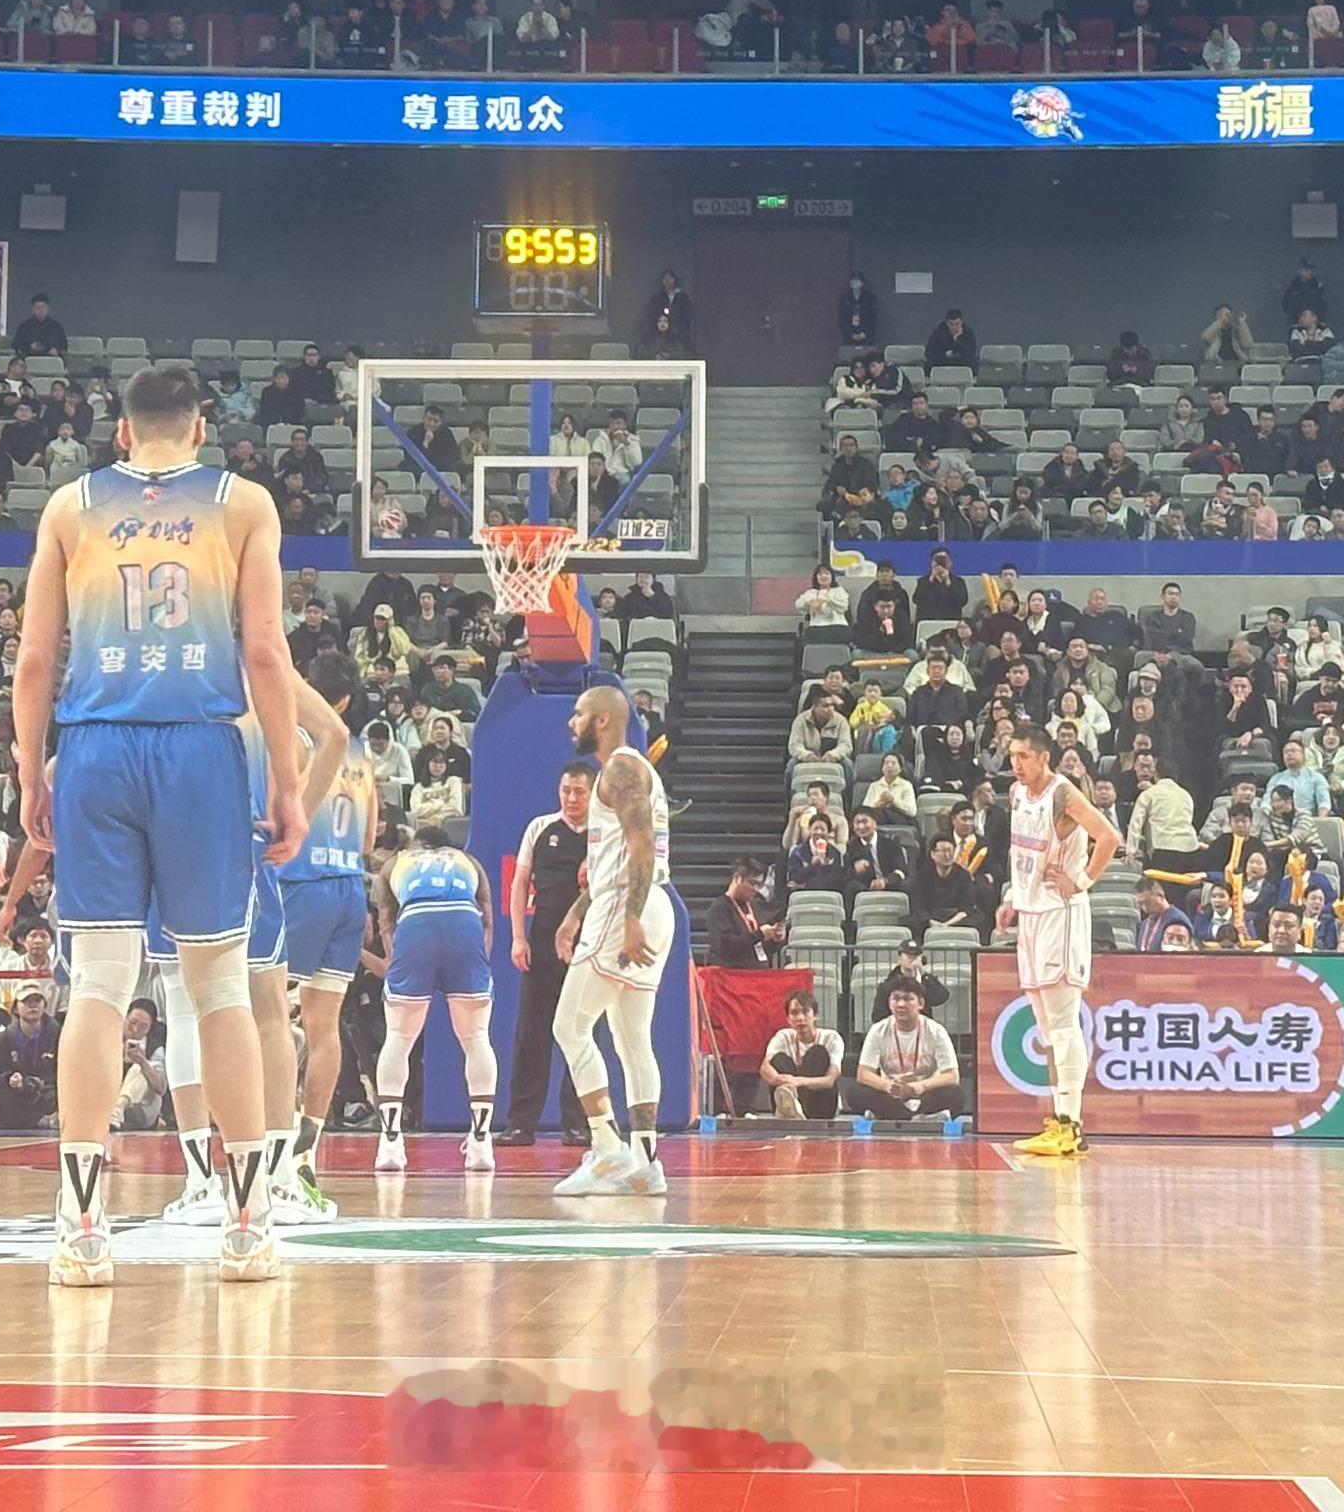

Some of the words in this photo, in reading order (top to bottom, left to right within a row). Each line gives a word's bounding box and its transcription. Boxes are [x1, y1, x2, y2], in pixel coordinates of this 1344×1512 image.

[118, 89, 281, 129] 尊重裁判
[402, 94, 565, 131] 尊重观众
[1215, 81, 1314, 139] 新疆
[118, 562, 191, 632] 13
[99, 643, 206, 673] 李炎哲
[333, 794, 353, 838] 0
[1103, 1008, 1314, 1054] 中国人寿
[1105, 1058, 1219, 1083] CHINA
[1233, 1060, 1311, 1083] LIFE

WHAT TO DO
Please return the records above exactly as written, dropping every picture.

TASK RESPONSE
Some of the words in this photo, in reading order (top to bottom, left to right within a row). Each line gives a word's bounding box and its transcription. Boxes are [x1, y1, x2, y2], in pixel coordinates of this 1344×1512 image.

[118, 89, 281, 129] 尊重裁判
[402, 94, 565, 131] 尊重观众
[1215, 81, 1314, 139] 新疆
[118, 562, 191, 632] 13
[99, 643, 206, 673] 李炎哲
[333, 794, 353, 838] 0
[1103, 1008, 1314, 1054] 中国人寿
[1105, 1058, 1219, 1083] CHINA
[1233, 1060, 1311, 1083] LIFE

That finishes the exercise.